Ultimately Raising the Bar’s public-facing products will be designed to resonate with others (after work by communications professionals), but for reference, this is what we mean when we say:
- Birth Equity: The assurance of the conditions of optimal births for all people with a willingness to address racial and social inequities in a sustained effort. (Source: Crear-Perry)
- Community: Raising the Bar will seek to add context when we use the term “community.” Generally, Raising the Bar uses the term to refer to geographic place (e.g., neighborhood, local environment, geopolitical subdivision).
- Equity: The just and fair inclusion into a society in which all can participate, prosper, and reach full potential. (Source: PolicyLink)
- Health: WHO defines health as a state of complete physical, mental, and social well-being, not merely the absence of disease or infirmity. Raising the Bar focuses on equity and on optimizing the health of individuals, families, and communities, all of which makes them healthier.
- Health Equity: A process and outcome where everyone has a fair and just opportunity to be as healthy as possible. Equity is not the same as equality. Those with the greatest needs and least resources require more or different effort and resources to equalize opportunities.

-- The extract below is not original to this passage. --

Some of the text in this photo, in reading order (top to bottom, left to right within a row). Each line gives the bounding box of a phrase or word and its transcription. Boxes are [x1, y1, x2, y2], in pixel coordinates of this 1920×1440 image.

- Health care organizations/health systems: Raising the Bar takes a broad view of health systems, including organizations and individuals that deliver, insure, purchase, or pay for health services of all kinds, as well as public health agencies and others directly involved in meeting health needs of individuals and families and communities where they live.
- Populations Served: Raising the Bar is focused on individuals and families, rather than terms more limited to those in direct treatment or care systems (e.g., patients and consumers). Health systems have important roles in influencing policy and other levers on behalf of those who may not be in their direct care. We are also attentive to the importance of family relationships.

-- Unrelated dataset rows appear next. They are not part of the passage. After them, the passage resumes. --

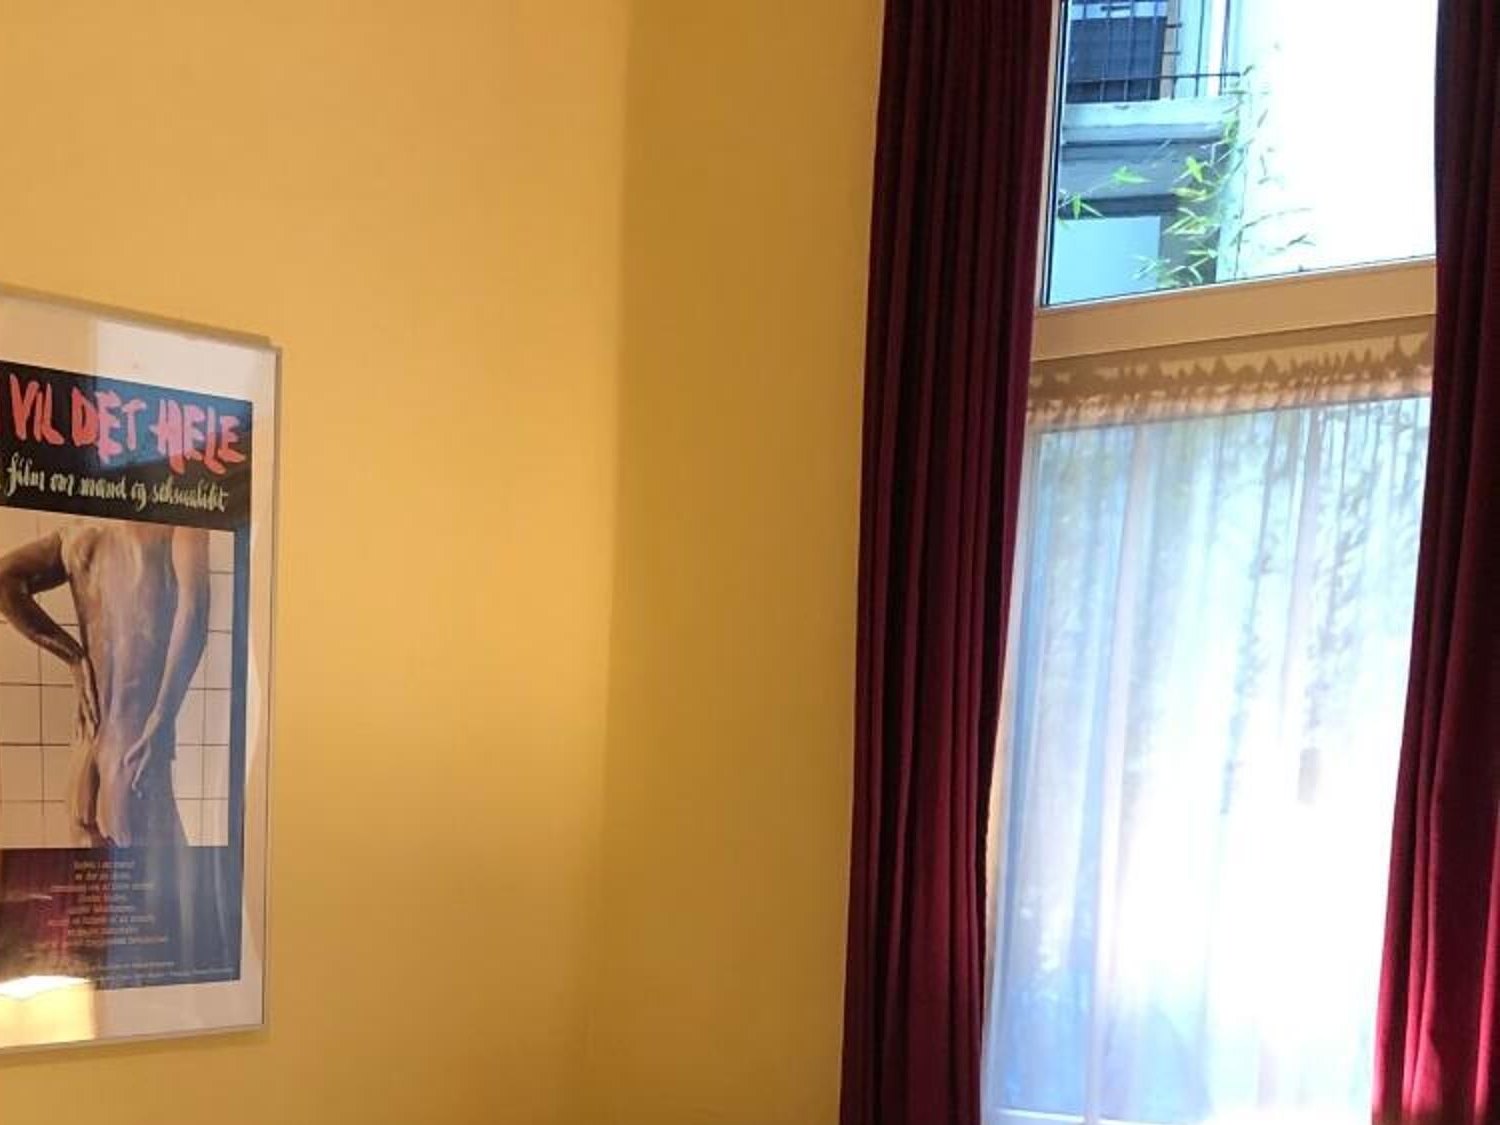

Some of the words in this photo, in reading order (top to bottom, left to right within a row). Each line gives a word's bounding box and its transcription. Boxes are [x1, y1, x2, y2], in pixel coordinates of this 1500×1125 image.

[10, 373, 65, 445] VIL
[72, 386, 147, 464] DET
[149, 398, 246, 476] HELE
[6, 452, 45, 497] film
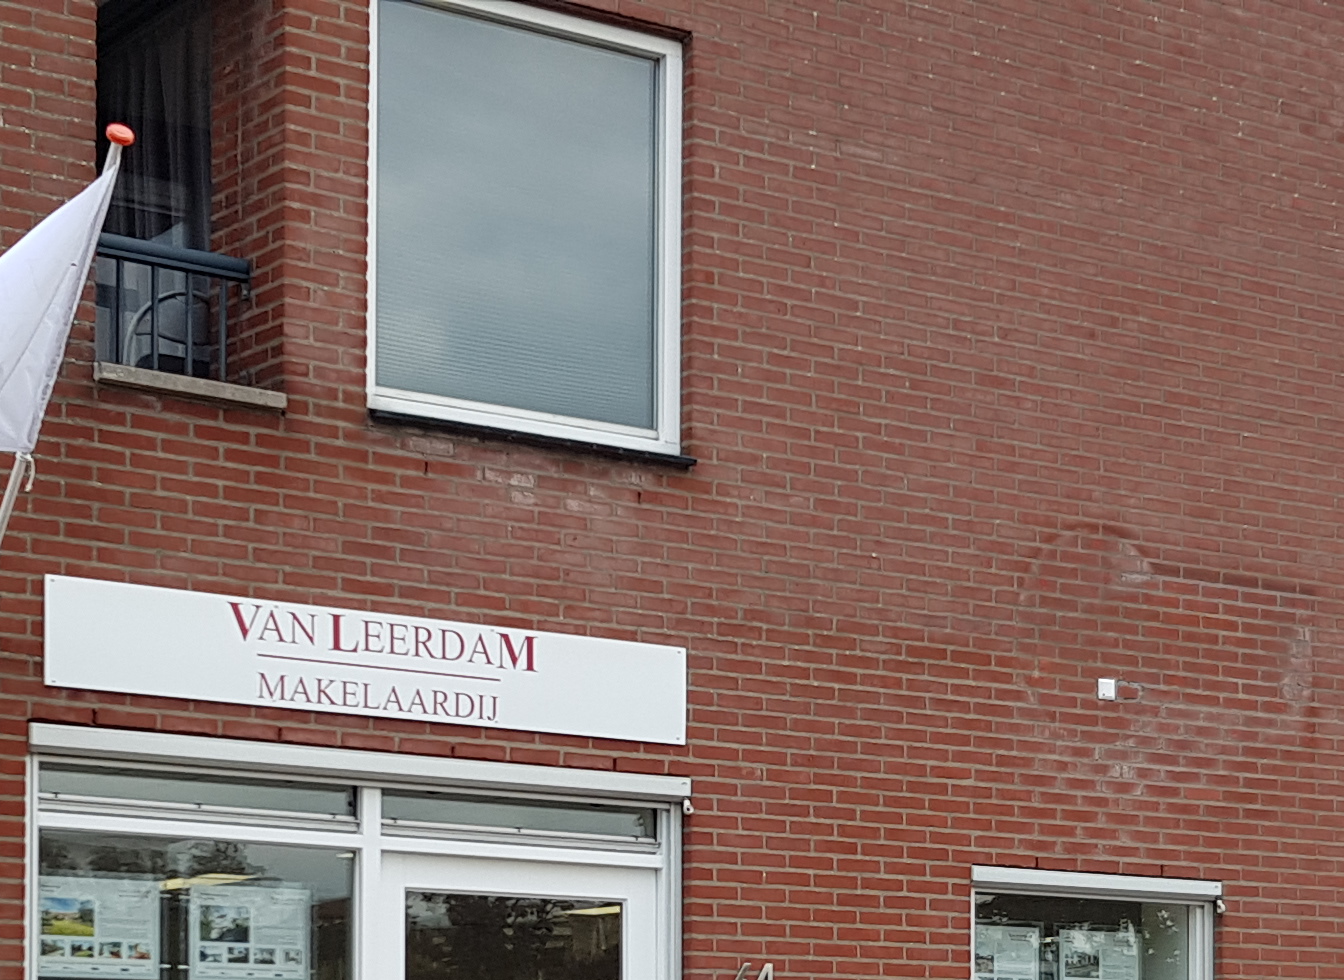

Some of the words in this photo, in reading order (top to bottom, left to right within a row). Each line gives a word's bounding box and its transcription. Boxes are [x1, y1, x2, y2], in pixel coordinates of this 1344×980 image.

[228, 601, 318, 646] VAN
[328, 612, 539, 673] LEERDAM
[257, 671, 499, 723] MAKELAARDIJ

- Racism: Prejudice, discrimination, or antagonism directed against a person or people on the basis of their membership in a particular racial or ethnic group, typically one that is a minority or marginalized. Racism occurs at multiple levels, including internalized, interpersonal, institutional, structural and systemic. Racism in all its forms is harmful to health and well-being.
- Social Determinants of Health (SDOH): The conditions in which people are born, grow, work, live, and age, and the wider set of forces and systems shaping the conditions of daily life. This includes economic policies and systems, development agendas, social norms, social policies, and political systems. Everyone has SDOHs and their impact can be positive as well as negative. “Vital conditions” seeks to capture this theme as well, defined as the properties of places and institutions that we all need all the time to reach our full potential, like food, humane housing, access to meaningful work and wealth and a sense of belonging.
- Social Needs: An individual’s immediate non-medical needs (e.g., food and housing needs). For example, an intervention to provide fresh produce to patients in need does not address the underlying systemic issues that cause food insecurity, but rather mitigates an immediate individual need.
- Social Risk Factors: The specific adverse social conditions (e.g., food insecurity and housing instability) that are associated with poor health and outcomes. A person may have numerous risk factors but have fewer immediate social needs.
Working Draft – as of January 27, 2021
These Definitions will evolve as the project moves forward.